I have done a couple research jobs in Bio-informatics and I have used Matlab for them. Matlab had a lot of powerful tools and was easy to use. I did thinks with genome sequencing and predicting metabolic pathways. I am wondering what other people think is best? or there might not be one specific language but a few that lend themselves best to Bio-informatics work that is math heavy and deals with a large amount of data.

+3  A: 

Python + scipy are decent (and FREE).

http://www.vetta.org/2008/05/scipy-the-embarrassing-way-to-code/

http://www.google.com/search?hl=en&source=hp&q=python+bioinformatics&aq=0&aqi=g9g-m1&aql=&oq=python+bio&gs_rfai=CeE1nPpMNTN2IJZ-yMZX6pcIKAAAAqgQFT9DLSgo

You do not even need to learn new syntax really when when dropping Matlab for SciPy.

Hamish Grubijan
My university uses Python for all of the bioinformatics stuff.
Brendan Long
+3  A: 

Best or not, SAS is the de facto programming enviroment in biopharmas. If you were to work for the Pfizers, Mercks and Bayers of the world in bioinformatics, you had better have SAS skills. SAS programmers are in great demand.

Mikos
Mikos lives in Cambridge; he knows what he is talking about.
Hamish Grubijan
This might change, however. Best tools do win at the end. The downside of Python is that it is supported by volunteers.
Hamish Grubijan
de facto or not, this depends on which university you come from. Some new school love python.
J-16 SDiZ
I also have worked with biopharmas extensively as a consultant, hence speaking from over a decade's experience. This industry is highly regulated and glacial pace of change, not known for switching technologies. @Sdiz - Python might be popular in academia, but industry is a different ballgame.
Mikos
@Mikos: You're right of course, but I can't bring myself to upvote an answer that recommends using SAS.
Richie Cotton
Neither was I eliciting an upvote, nor "recommending" SAS. My post was a 'sic stat' on the industry, should the OP choose to work there. Of course, academia offers much more freedom of choice of toolkits etc.
Mikos
My experience in bioinformatics at small and large biopharma suggests that SAS was de facto for *statistics*, whereas R was overwhelmingly more common in *bioinformatics*
bubaker
@mikos, are you sure about that? SAS tag has only 200 instances on stackoverflow, i dnot think u are right
i am a girl
@mikos: please respond to this. i really dont think its worth learning SAS unless you are going to something highly specialized. the statistics on SOF show it
i am a girl
@I am a girl - you are entitled to your viewpoint. But I also do not think that posts on SO are representative of SAS' usage in biopharma. I stand by my statement. If you need to validate this, talk to statisticians who work in pharma.
Mikos
+11  A: 

You'll likely be interested in this thread over at BioStar:

For most of us bioinformaticians, this includes Python, R, Perl, and bash command line utilities (like sed, awk, cut, sort, etc). There are also people who code in Java, Ruby, C++, and Matlab.
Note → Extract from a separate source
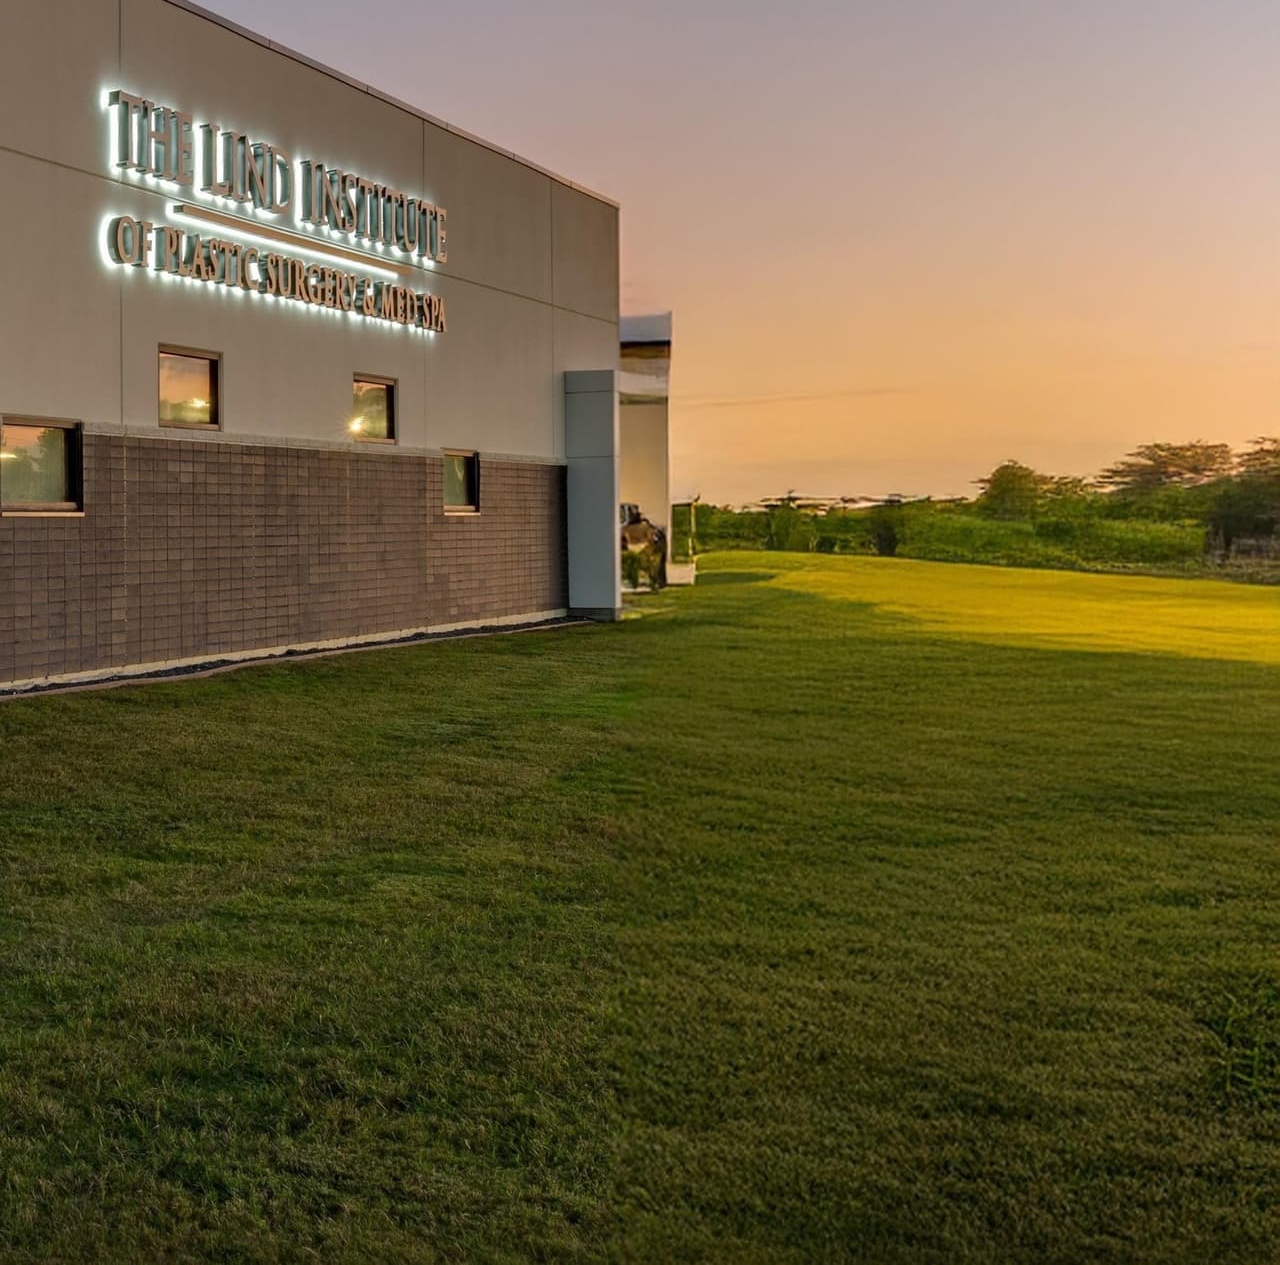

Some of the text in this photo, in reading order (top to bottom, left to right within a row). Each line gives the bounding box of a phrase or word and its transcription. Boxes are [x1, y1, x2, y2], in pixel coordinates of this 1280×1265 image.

So the bottom line? Whichever language lets you get the work done most easily is the right one for you. Answering this question should include a careful survey of the libraries and other code that you can pull from, as well as information on your own preferences and experience. If you're doing microarray analysis, it's hard to beat the R/bioconductor libraries, but that's absolutely the wrong language for someone wrangling most types of large sequencing data sets.

chrisamiller
Very good point. It is sometimes not so much about the language but the library. Doing matrix manipulation in Perl seems crazy, C++/Java - not bad, Python has SciPy, and it is native in Matlab. If regular expressions are heavily used, then Perl can be a good candidate, Ruby, Python, Java and even C++ as well. It all depends. I am biased towards Python :)
Hamish Grubijan
+4  A: 

There's no one right language for bioinformatics.

  • The important BLAST sequencing tool is written in C++

  • The MATT tool for aligning protein structures is written in C

  • Some of my colleagues in computational biology use Ruby.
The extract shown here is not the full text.